The number of people killed in Mexico through violence related to organised crime has doubled this year to 5,300 — more than the entire US death toll from the Iraq war — as cartels battle against each other for control of a $15 billion (£10 billion) annual drugs trade and ruthlessly murder those who fail to pay or are accused of betrayal.
The gruesome tactic of beheading is used to spread fear among the security forces and their informants. Two headless corpses were found on the same boulevard in Chilpancingo on December 7 with a note reading: “Soldiers who are supposedly fighting crime, and they turn out to be kidnappers. This is going to happen to you.”
A gunfight in October resulted in the arrest of Eduardo Arellano Félix, the head of the Tijuana cartel. Others, including the Sinaloa cartel, are now embroiled in a battle for control of the territory.
A particularly violent weekend last month resulted in 36 deaths in Tijuana, including nine men found decapitated — three of whom were policemen with their badges stuck in their mouths.

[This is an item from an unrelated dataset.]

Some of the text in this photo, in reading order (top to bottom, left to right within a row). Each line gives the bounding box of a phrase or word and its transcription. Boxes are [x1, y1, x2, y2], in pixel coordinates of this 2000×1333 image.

Lieutenant-Colonel Julián Leyzaola, who took over the city police department this month, said: “Even in war you don't see what you see here: people whose heads are cut off, people who are dissolved in acid. If the cartels understand only the language of violence then we are going to have to speak their language and annihilate them.”

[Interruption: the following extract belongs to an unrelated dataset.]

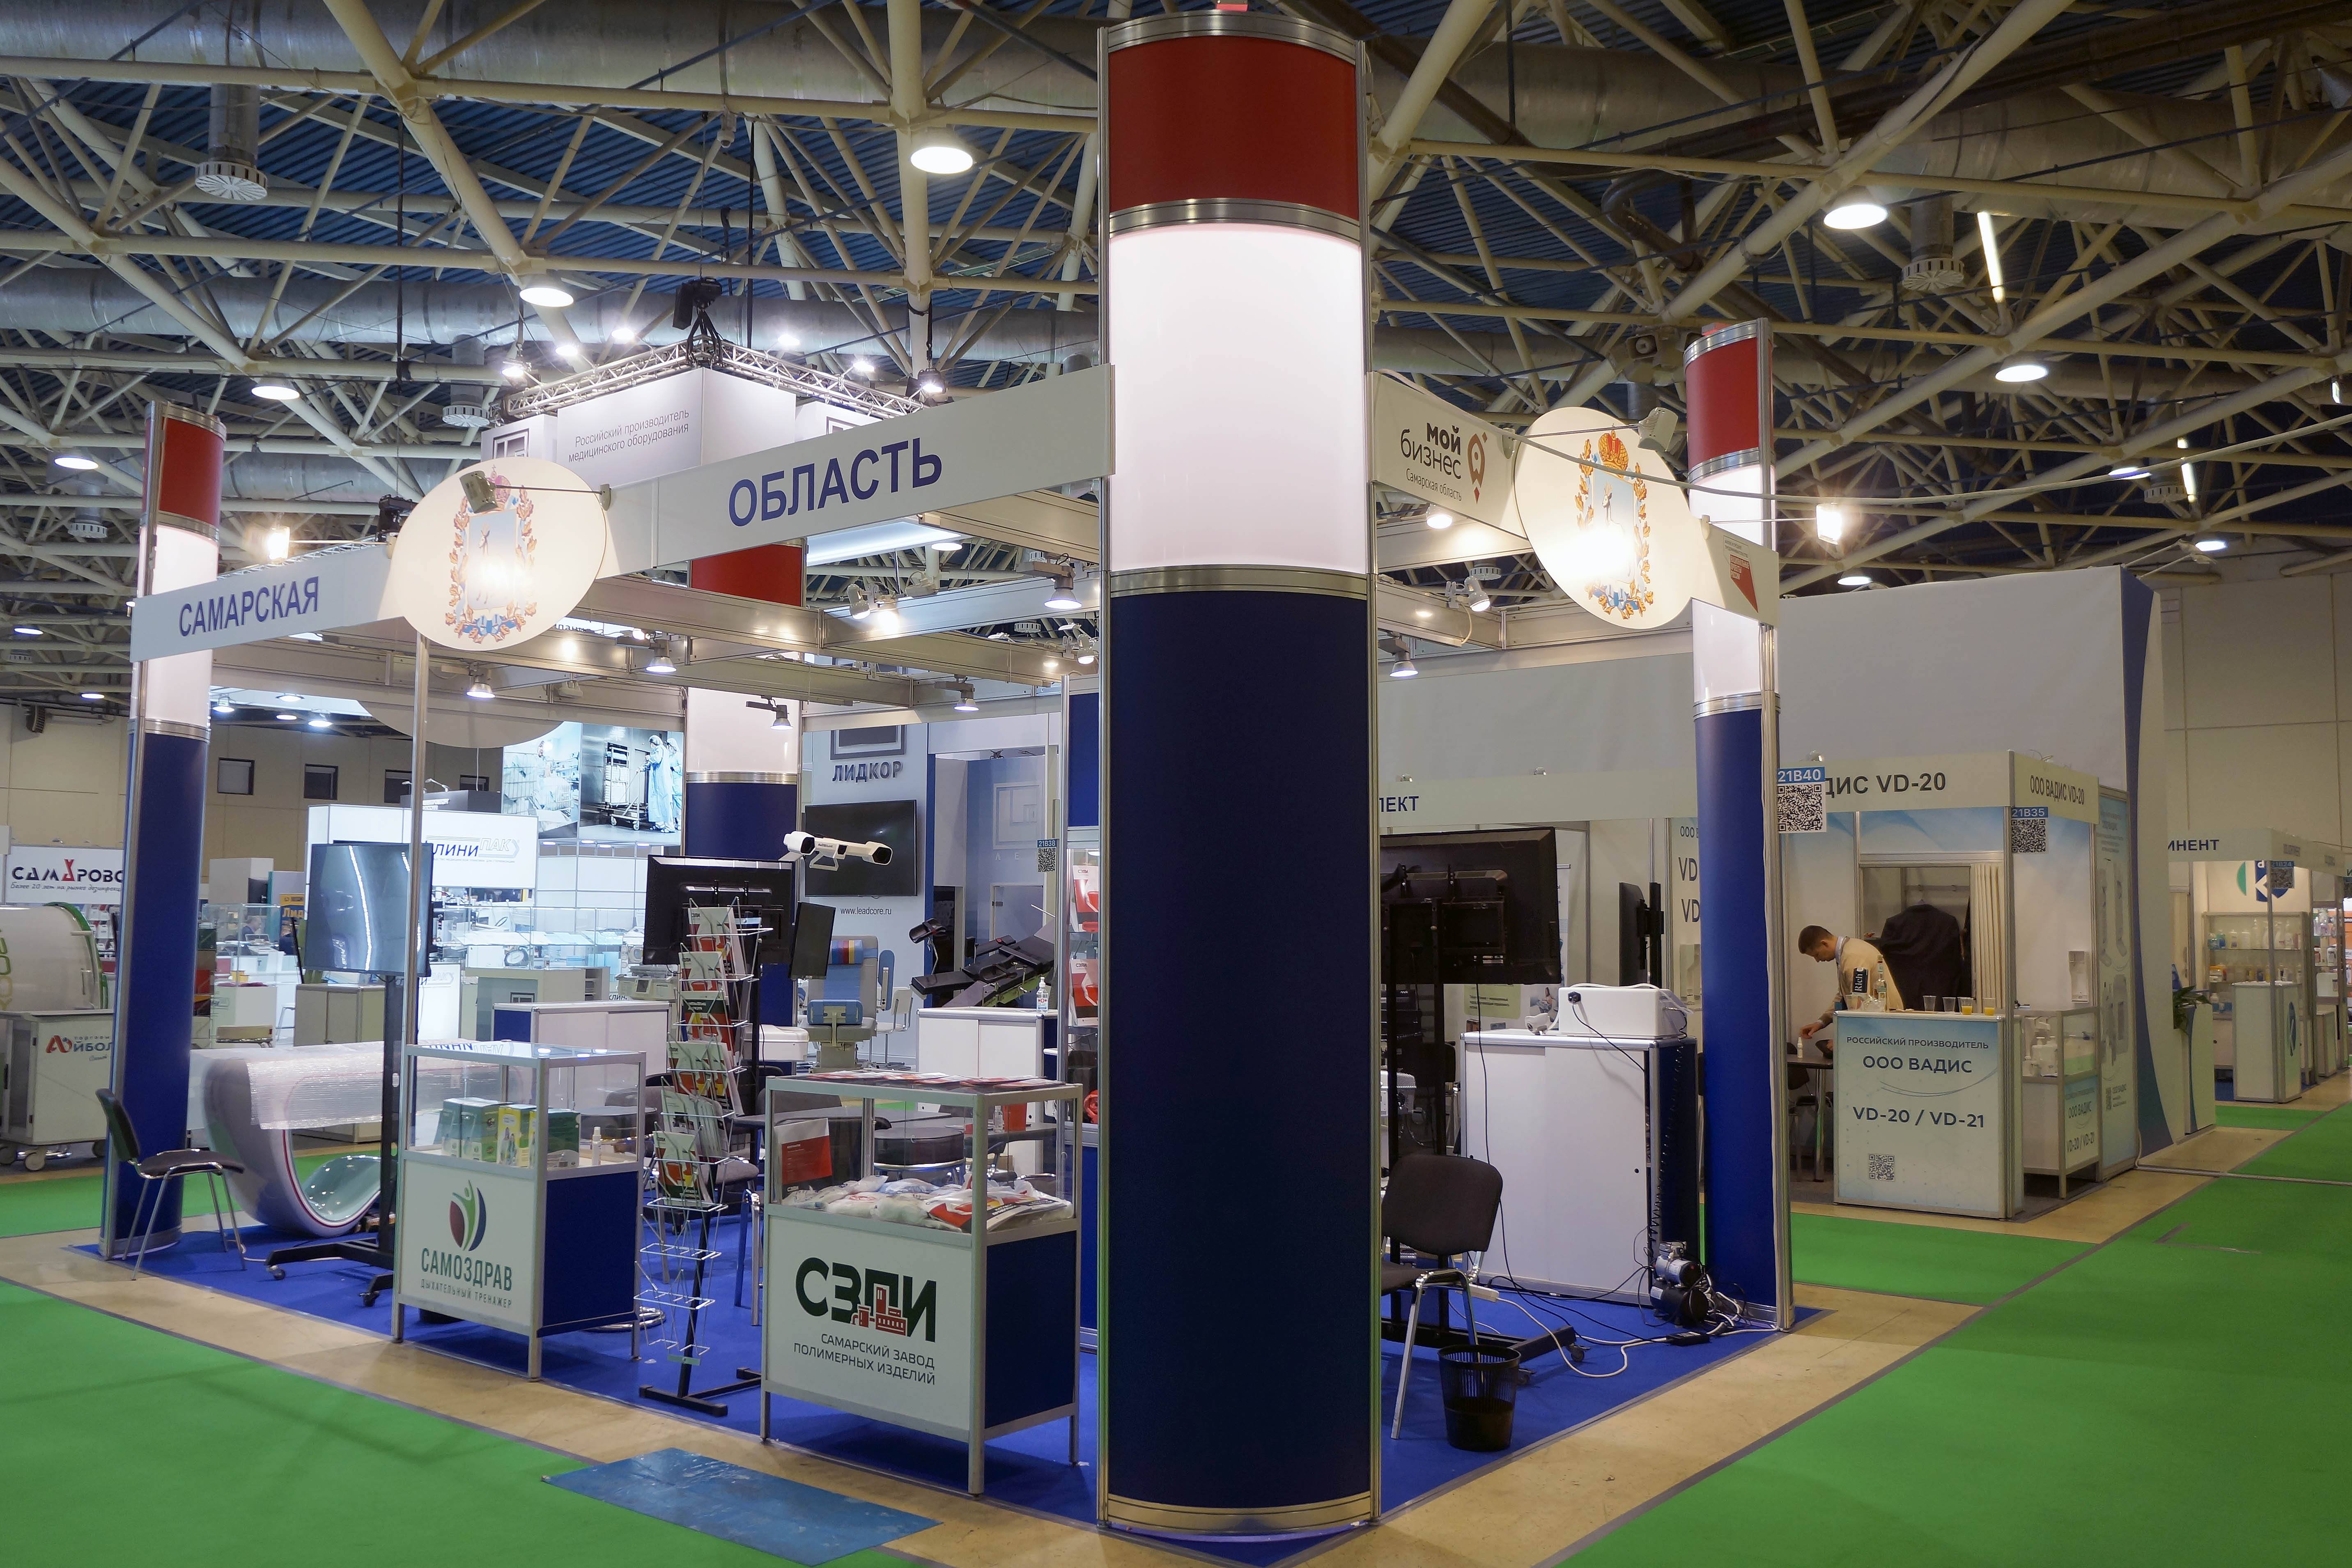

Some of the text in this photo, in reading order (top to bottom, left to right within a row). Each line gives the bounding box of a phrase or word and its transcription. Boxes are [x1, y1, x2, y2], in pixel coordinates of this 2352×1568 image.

Mr Calerdón said that the future of his country was at stake. “It is for this reason that my Government has not and will never negotiate with organised crime.” He added that it would “fight the enemies of Mexico with all the power of the State”.
On Tuesday last week the US Justice Department said that the Mexican drug cartels had become America's greatest organised crime threat. Those involved smuggled marijuana, cocaine, heroin and methamphetamine into the country, spreading violence across the border.
The National Drug Intelligence Centre, in its threat assessment, said that Mexican cartels already controlled distribution in most US cities and were gaining strength through street and prison gangs. They have funds of billions of dollars from recreational drug takers in the US and, to a lesser extent, Europe.
The Mexican Government is receiving $400 million in military assistance from President Bush under the Mérida initiative to combat the drug trade.
A recent report from the Brookings Institution in Washington, which was co-authored by the former Mexican President Ernesto Zedillo, said that the war on drugs — including the $5 billion Plan Colombia — had failed and would continue to fail as long as it emphasised law enforcement and neglected the problem of consumption. “If we insist only on a strategy of the criminal pursuit of those who traffic in drugs,” Mr Zedillo said, “the problem will never be resolved.”
The drug war is not only being paid for by Americans but is also being fought largely with weapons bought north of the border. When Patricia Espinosa, the Mexican Foreign Secretary, held talks on the Mérida programme last week with Condoleezza Rice, the US Secretary of State, she urged the US to take steps not only to curb the demand for drugs but also to slow the flow of guns into Mexico.
It is estimated that 2,000 firearms are being smuggled from US states such as Texas — where gun laws are notoriously lax — into Mexico every day.
Mr Calderón's Government has pleaded repeatedly for America to control the supply of automatic assault weapons. Mr Bush allowed a ban on these weapons to expire in 2004 as violence began to escalate in Mexico. Barack Obama has been criticised by groups such as the National Rifle Association for pledging to curb sales.
In her talks with Ms Espinosa, Dr Rice said: “I've never known illegal arms traffickers who cared very much about the law. And so I simply don't accept the notion that the lifting of the ban somehow has led arms traffickers to increase their activity.”